Webworm appears to have shifted its operations since it was previously observed targeting organisations in Asia. The latest activity tracked by ESET shows the group focusing on government organisations in Belgium, Italy, Poland, Serbia and Spain, while also compromising a university in South Africa.

The investigation found that Webworm has adopted two backdoors for command-and-control communications: EchoCreep, which uses Discord, and GraphWorm, which uses the Microsoft Graph API. The shift marks a move away from older remote access tools used in earlier campaigns.

EchoCreep used Discord to upload files, send runtime reports and receive commands. GraphWorm, by contrast, used Microsoft OneDrive endpoints to collect tasks and upload data from victims, with a separate OneDrive directory created for each target.

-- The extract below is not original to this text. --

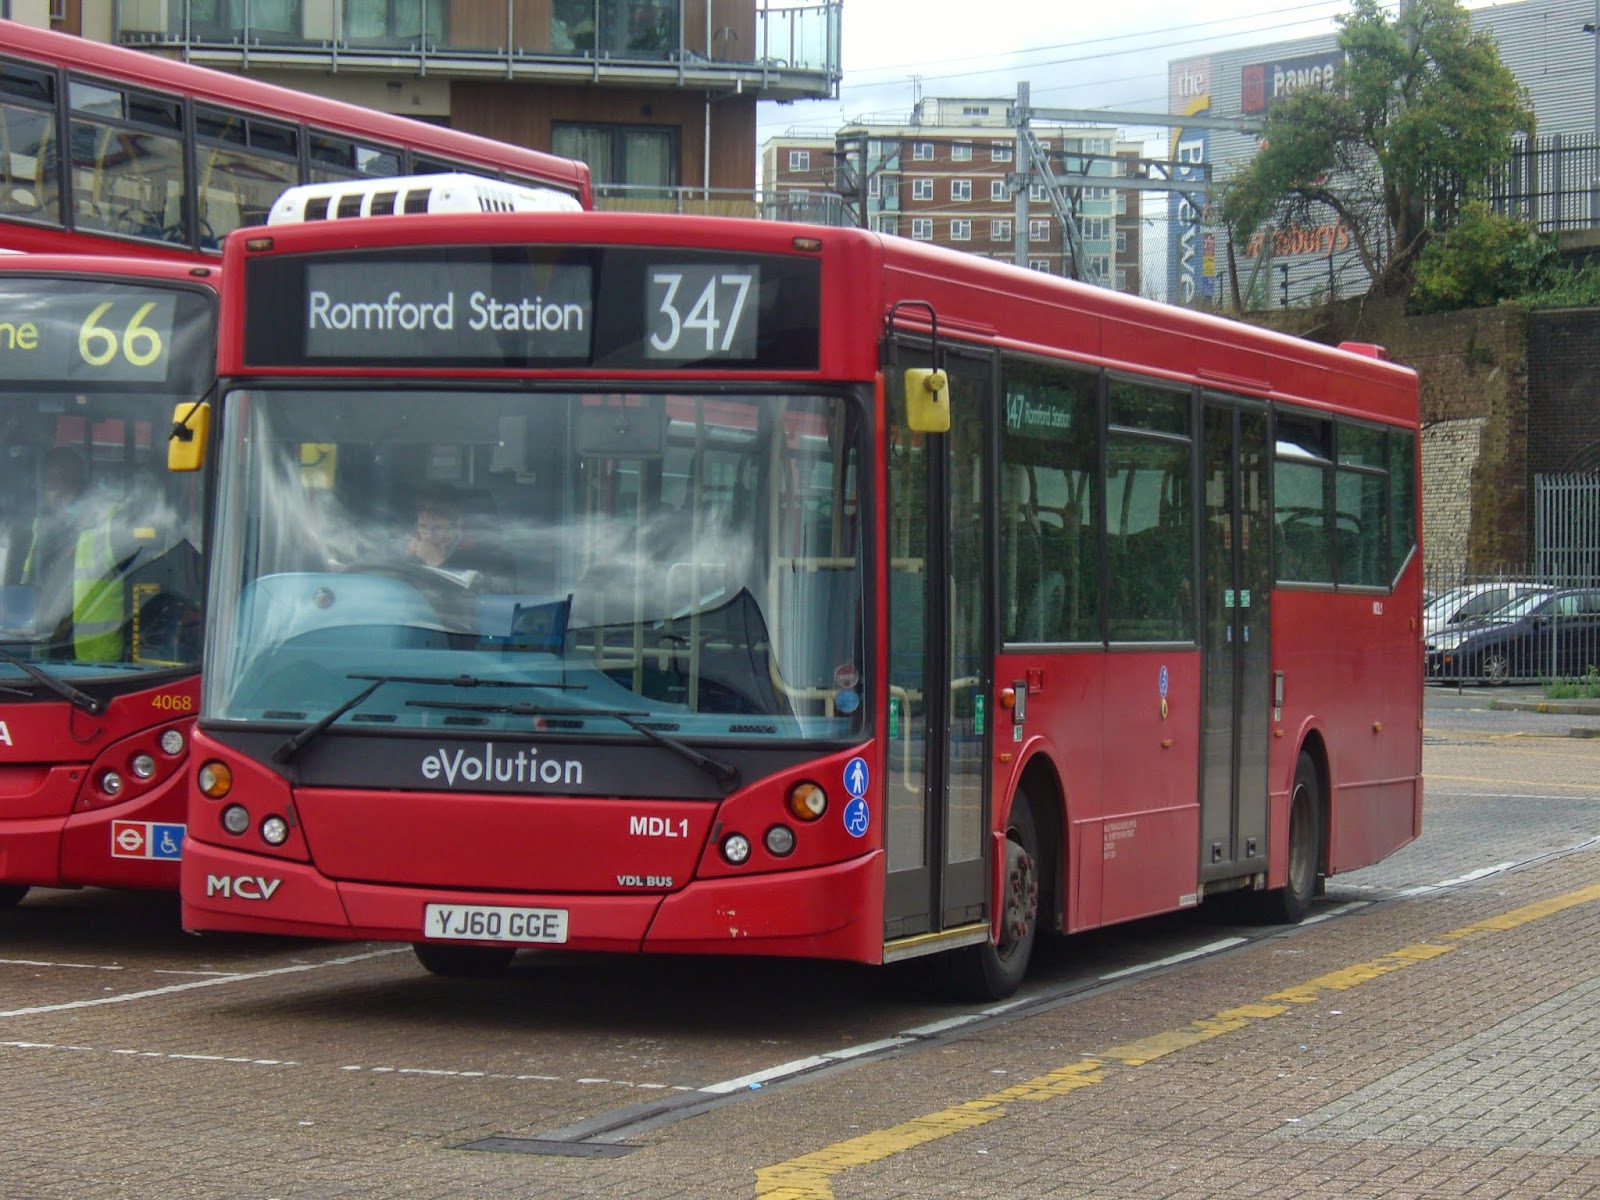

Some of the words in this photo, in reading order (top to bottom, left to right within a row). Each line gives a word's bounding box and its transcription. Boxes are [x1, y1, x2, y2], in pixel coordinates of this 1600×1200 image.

Webworm also continued to rely on proxy tools to move through victim networks and conceal its activity. Alongside existing tools, researchers identified custom proxies including WormFrp, ChainWorm, SmuxProxy and WormSocket.

The number and variety of those tools suggest Webworm may be building a broader hidden network by getting victims to run its proxy infrastructure. Researchers also found that the group staged files on GitHub using a repository forked from the legitimate WordPress codebase, helping the material blend in with normal traffic and content.

One of the more unusual findings involved Amazon Web Services. Webworm used its WormFrp proxy to pull configurations from a compromised AWS S3 bucket and store data taken from victims, shifting storage costs to the account holder whose cloud service had been hijacked.

A review of files in the bucket revealed snapshots from virtual machine hosts, including one containing the current configuration and active state of a machine belonging to a government entity in Italy. Researchers also found that 20 new files had been uploaded over a two-month period, including two taken from a government body in Spain.

The Spanish material included an XML file containing saved configurations of virtual hosts used by mRemoteNG, an open-source remote connection manager, and a Microsoft Visio diagram showing infrastructure linked to a domain used by the organisation.

Attribution trail

ESET attributed the campaign to Webworm after decrypting Discord messages used by EchoCreep for command and control. The messages led researchers to a GitHub repository containing staged tools, including the SoftEther VPN application.

Inside a SoftEther configuration file, researchers found an IP address that matched a known Webworm address. That link, combined with the group's tooling and infrastructure, formed the basis for the attribution.

Recovered commands from the server also offered a view of possible initial access methods, including the use of an open-source vulnerability scanner to identify and approach targets.

Eric Howard, malware researcher at ESET, described what the team found in the recovered server activity. "Through our analysis, we were fortunate enough to recover commands executed from a server that gave a view into the group's potential initial access techniques, using an open-source vulnerability scanner as well as identifying some of its focused targets," Howard said.

In separate comments, Howard also outlined the AWS finding. "Furthermore, during our investigation of the 2025 campaigns, we discovered that Webworm had started using its custom proxy solution WormFrp to retrieve configurations from a compromised AWS S3 bucket, a public cloud storage solution available in Amazon Web Services, with the S3 standing for simple storage service. It is apparent that through this S3 bucket, Webworm can leverage data exfiltration while an unsuspecting victim foots the bill for the service," he said.